Amara’s heart leaped in her chest.

"Mom!"

Shh. Listen, Darling. You must go.

She couldn’t take her eyes off the raging bonfire she had created. In there was her life for the past two weeks. The only friend she’d ever had…the traitor.

You must go! The Voice tried to shout.

Amara’s eyes narrowed. Shadows were appearing from within the inferno.

She felt her legs skitter like a newborn lamb in the snow.

North, Amara. You must go North. Run. Run and…

"Mom?" Amara asked aloud. "Mom!"

An arrow flew passed her cheek, grazing her broken hair and embedding itself in a tree beside her.

It had been fired by one of the hybrids limping forward from the inferno, and only now did she hear the crazed voice that bellowed through the sound of the fire and the screams of the burning townsfolk.

"Kill her!"

A scimitar glinted in the distance, attached to a bulging mass of scales and blood that was sprinting towards her from the fire’s center.

Run!

Amara had already broken into a maniacal sprint before she even heard the command. She ran without the breath to do so, her chest still pounding with pain and anguish while her head was filled with the image of Anna’s broken, crying face before it was wreathed in the glowing threads of her power.

Her cloak caught on loose branches and ripped, exposing her legs and tearing into her side with a sharp, piercing pain. Another arrow flew passed her just as she fought against the desire to stop and collapse. But she was not afraid. She would not – could not – let mom’s sacrifice go to waste. Mom was the only one who cared. She was the only one who ever cared. She’d been a fool to trust anyone besides her.

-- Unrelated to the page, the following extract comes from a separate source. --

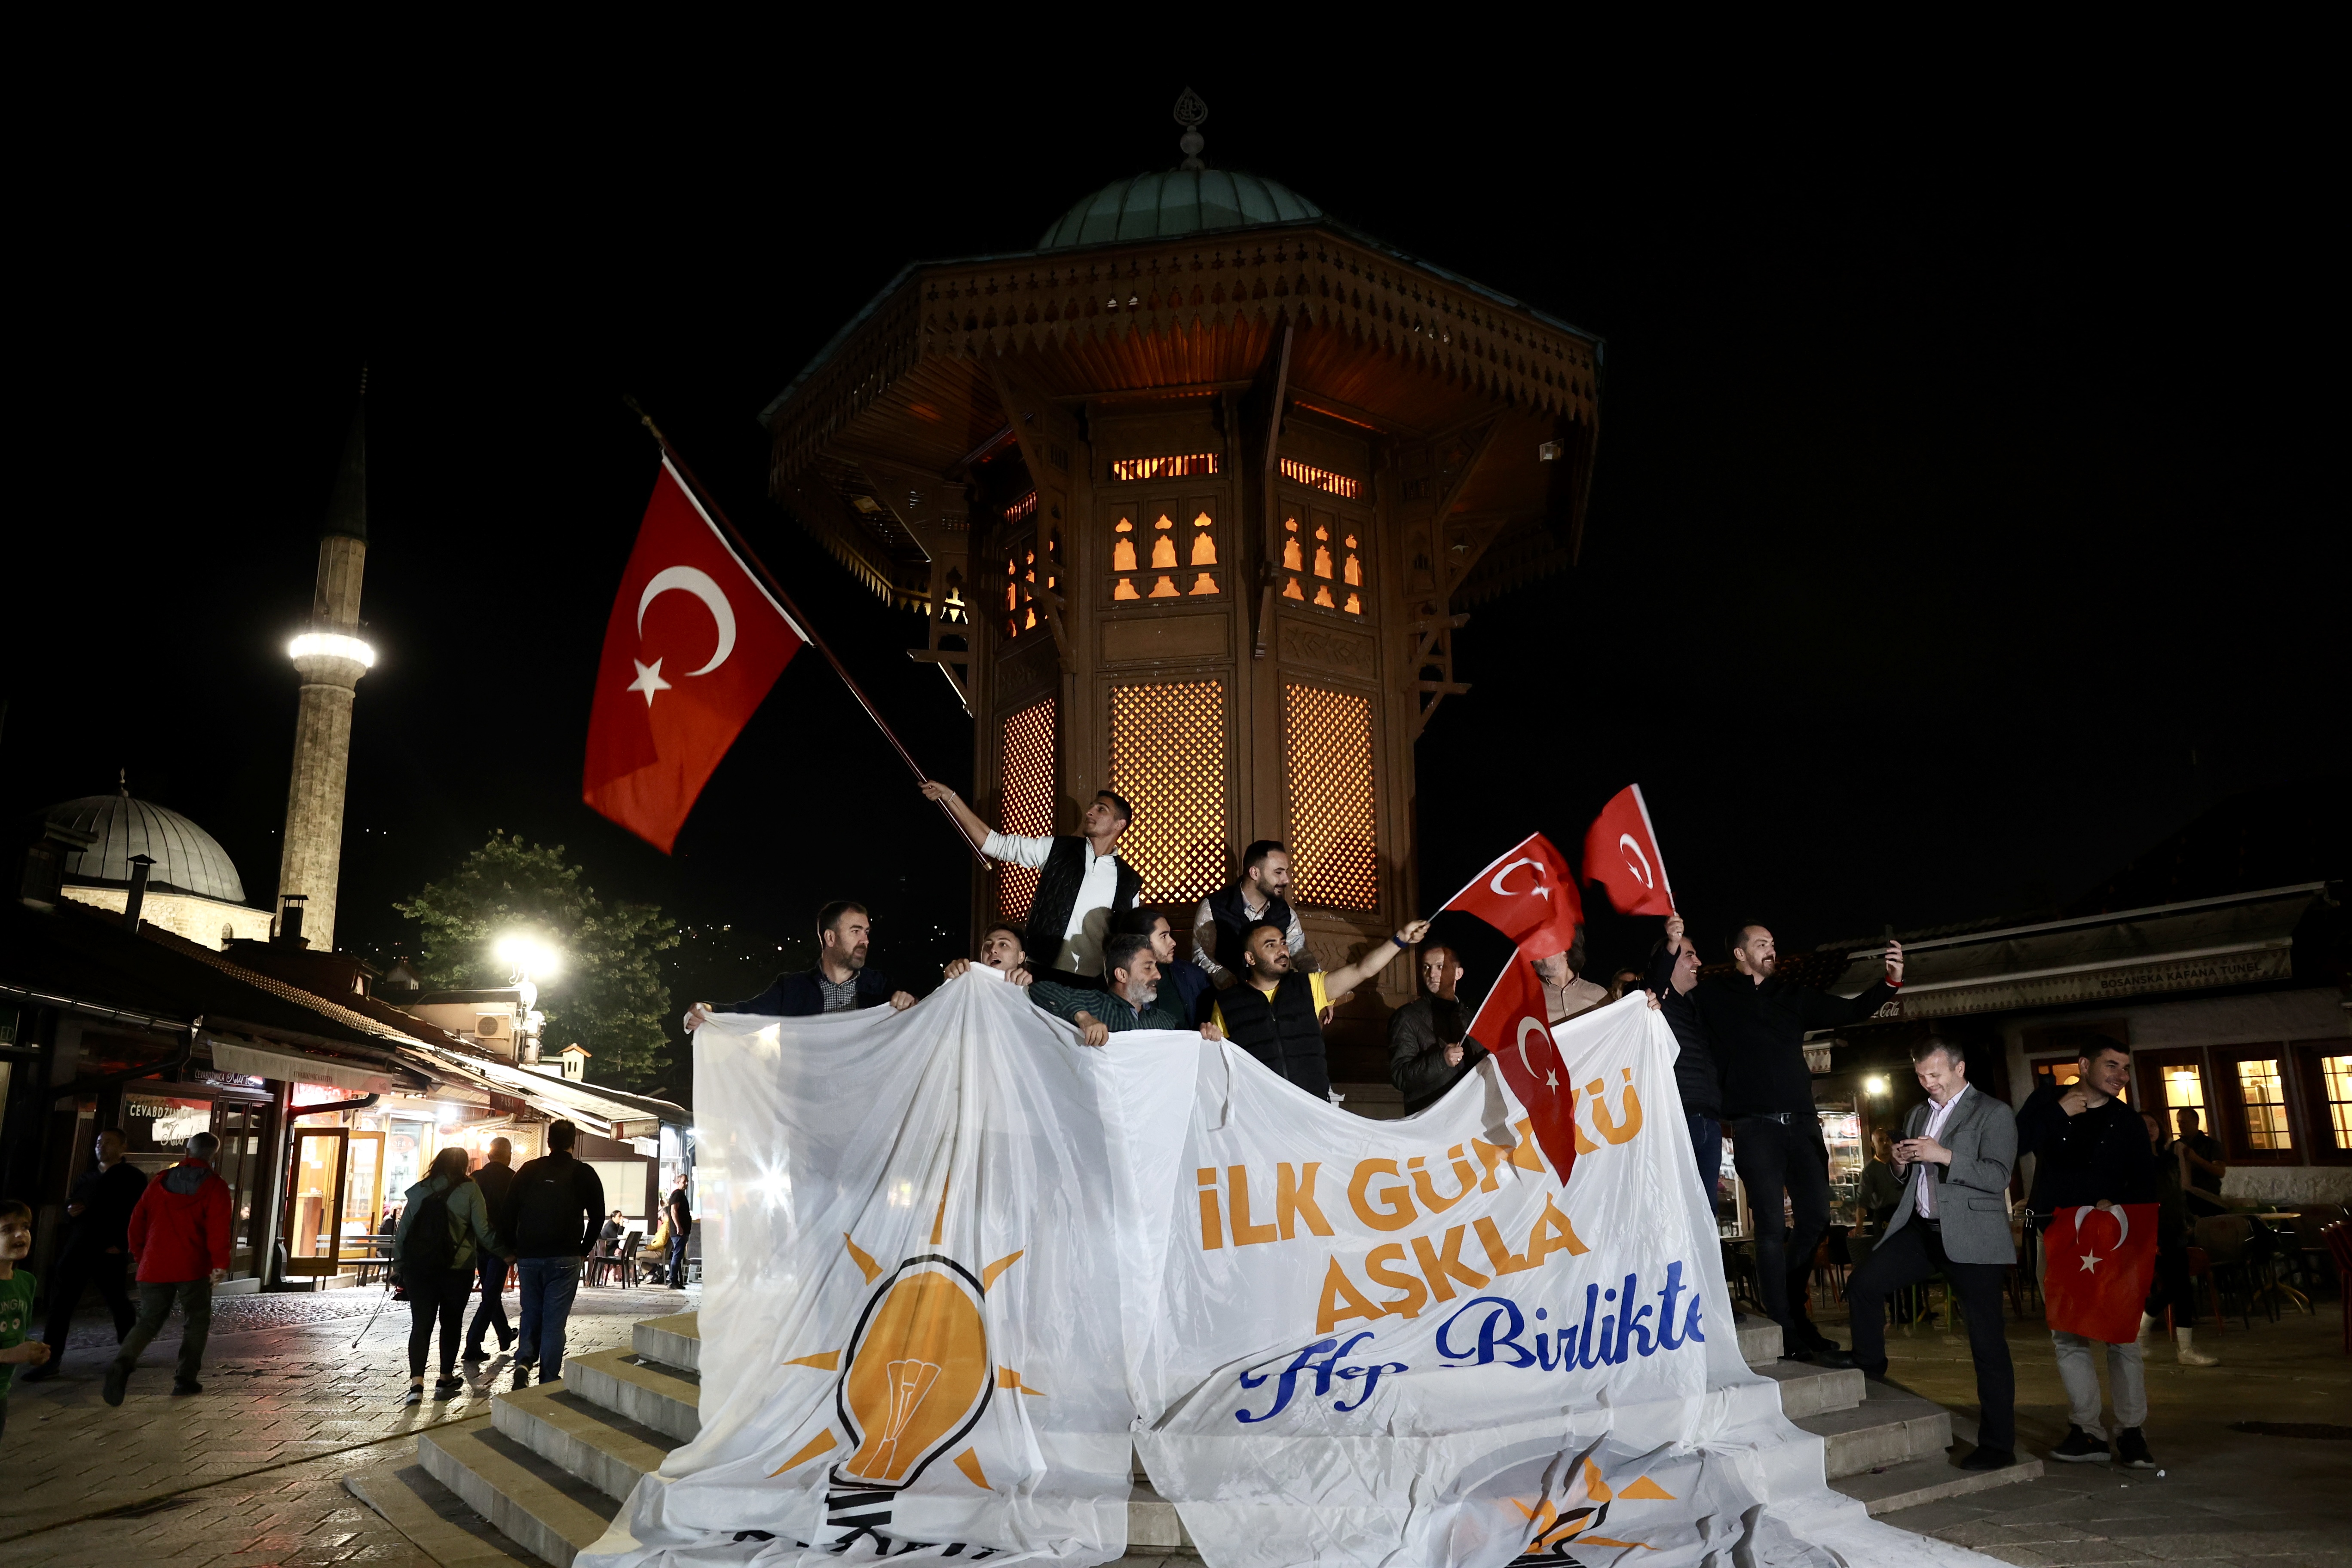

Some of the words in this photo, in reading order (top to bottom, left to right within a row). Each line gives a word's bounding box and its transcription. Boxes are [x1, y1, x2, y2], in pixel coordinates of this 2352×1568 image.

She lurched forwards as she felt a ripple of pain shoot up her spine and saw that an arrow had embedded itself in the small of her back. Her legs barely obeyed her command to push forwards, even as she heard the tell-tale sounds of her pursuers approach from behind, through the trees. But still, she limped on. She didn’t look back.

Is this how that cat-slaver felt, two years ago? Is this how Anna had felt in that moment just before she’d been consigned to the flame? Were Father’s thoughts muddled like this before she ended him?

No, she thought. They all gave up, in the end. They had no power. I have power. I can do this. I can make it home…

Another arrow lodged itself into her left elbow and she tripped over a ridge to fall into a deep ditch cut into the frozen forest. She rolled down the ridge and tasted dirt as her head pounded against the ground. By the time she’d hit the bottom she could barely move at all.

She reached out with her bleeding arm, teeth gritting with her determination to continue even as she felt her body give up. Her mother was gone, and she had been left for dead.

She swallowed her fury and sorrow both as a shadow appeared in the snow in front of her. She clawed at its looming black mass on the white canvas that was to be her grave. She’d defy the finger of death till the end. She’d survived worse.

"Come on then," she croaked, spitting blood on the shadow’s head. "Just try and finish me off."

But the voice that belonged to the shadow was quiet and grim, wheezing like it was under some kind of burden.

"No," it said with a heavy sigh. "There has been enough death today."

She tried to raise her head and managed to only just make out the withered paws and tail of the dog-man that stood above her before she drifted off again into the world of unconsciousness.